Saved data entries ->
_ _ _

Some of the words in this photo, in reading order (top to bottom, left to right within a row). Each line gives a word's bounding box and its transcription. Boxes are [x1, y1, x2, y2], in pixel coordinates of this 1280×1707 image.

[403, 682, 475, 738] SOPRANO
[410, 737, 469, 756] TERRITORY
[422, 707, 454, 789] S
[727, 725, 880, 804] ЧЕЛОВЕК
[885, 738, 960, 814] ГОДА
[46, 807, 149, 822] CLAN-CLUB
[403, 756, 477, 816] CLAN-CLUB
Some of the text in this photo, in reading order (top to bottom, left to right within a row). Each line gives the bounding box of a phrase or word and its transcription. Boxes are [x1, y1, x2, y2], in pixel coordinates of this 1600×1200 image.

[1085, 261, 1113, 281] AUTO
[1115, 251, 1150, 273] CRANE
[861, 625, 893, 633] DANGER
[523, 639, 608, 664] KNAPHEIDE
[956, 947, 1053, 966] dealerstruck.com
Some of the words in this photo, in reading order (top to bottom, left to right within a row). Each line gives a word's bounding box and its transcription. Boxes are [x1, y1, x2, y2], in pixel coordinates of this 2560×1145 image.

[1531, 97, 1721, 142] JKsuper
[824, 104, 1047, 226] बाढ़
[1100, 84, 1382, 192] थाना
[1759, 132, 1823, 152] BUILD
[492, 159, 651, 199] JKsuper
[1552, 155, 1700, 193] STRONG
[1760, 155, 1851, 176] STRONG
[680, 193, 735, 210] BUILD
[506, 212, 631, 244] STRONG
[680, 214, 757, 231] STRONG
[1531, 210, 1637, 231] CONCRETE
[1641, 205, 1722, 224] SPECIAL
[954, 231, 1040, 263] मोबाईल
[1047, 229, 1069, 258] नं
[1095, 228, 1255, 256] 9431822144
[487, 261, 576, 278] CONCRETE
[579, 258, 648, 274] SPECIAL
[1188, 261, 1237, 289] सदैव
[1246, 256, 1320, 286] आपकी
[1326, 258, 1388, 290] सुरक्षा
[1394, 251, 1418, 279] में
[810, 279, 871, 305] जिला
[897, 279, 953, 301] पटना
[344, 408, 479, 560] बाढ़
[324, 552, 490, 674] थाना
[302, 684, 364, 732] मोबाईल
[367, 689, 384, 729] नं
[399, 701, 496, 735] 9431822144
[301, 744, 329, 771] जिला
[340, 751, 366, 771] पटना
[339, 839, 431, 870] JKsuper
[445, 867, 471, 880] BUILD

_ _ _

TASK DETAILS -> Type out the entries once more, precisely.

YOUR RESPONSE ->
Some of the words in this photo, in reading order (top to bottom, left to right within a row). Each line gives a word's bounding box and its transcription. Boxes are [x1, y1, x2, y2], in pixel coordinates of this 1280×1707 image.

[403, 682, 475, 738] SOPRANO
[410, 737, 469, 756] TERRITORY
[422, 707, 454, 789] S
[727, 725, 880, 804] ЧЕЛОВЕК
[885, 738, 960, 814] ГОДА
[46, 807, 149, 822] CLAN-CLUB
[403, 756, 477, 816] CLAN-CLUB
Some of the text in this photo, in reading order (top to bottom, left to right within a row). Each line gives the bounding box of a phrase or word and its transcription. Boxes are [x1, y1, x2, y2], in pixel coordinates of this 1600×1200 image.

[1085, 261, 1113, 281] AUTO
[1115, 251, 1150, 273] CRANE
[861, 625, 893, 633] DANGER
[523, 639, 608, 664] KNAPHEIDE
[956, 947, 1053, 966] dealerstruck.com
Some of the words in this photo, in reading order (top to bottom, left to right within a row). Each line gives a word's bounding box and its transcription. Boxes are [x1, y1, x2, y2], in pixel coordinates of this 2560×1145 image.

[1531, 97, 1721, 142] JKsuper
[824, 104, 1047, 226] बाढ़
[1100, 84, 1382, 192] थाना
[1759, 132, 1823, 152] BUILD
[492, 159, 651, 199] JKsuper
[1552, 155, 1700, 193] STRONG
[1760, 155, 1851, 176] STRONG
[680, 193, 735, 210] BUILD
[506, 212, 631, 244] STRONG
[680, 214, 757, 231] STRONG
[1531, 210, 1637, 231] CONCRETE
[1641, 205, 1722, 224] SPECIAL
[954, 231, 1040, 263] मोबाईल
[1047, 229, 1069, 258] नं
[1095, 228, 1255, 256] 9431822144
[487, 261, 576, 278] CONCRETE
[579, 258, 648, 274] SPECIAL
[1188, 261, 1237, 289] सदैव
[1246, 256, 1320, 286] आपकी
[1326, 258, 1388, 290] सुरक्षा
[1394, 251, 1418, 279] में
[810, 279, 871, 305] जिला
[897, 279, 953, 301] पटना
[344, 408, 479, 560] बाढ़
[324, 552, 490, 674] थाना
[302, 684, 364, 732] मोबाईल
[367, 689, 384, 729] नं
[399, 701, 496, 735] 9431822144
[301, 744, 329, 771] जिला
[340, 751, 366, 771] पटना
[339, 839, 431, 870] JKsuper
[445, 867, 471, 880] BUILD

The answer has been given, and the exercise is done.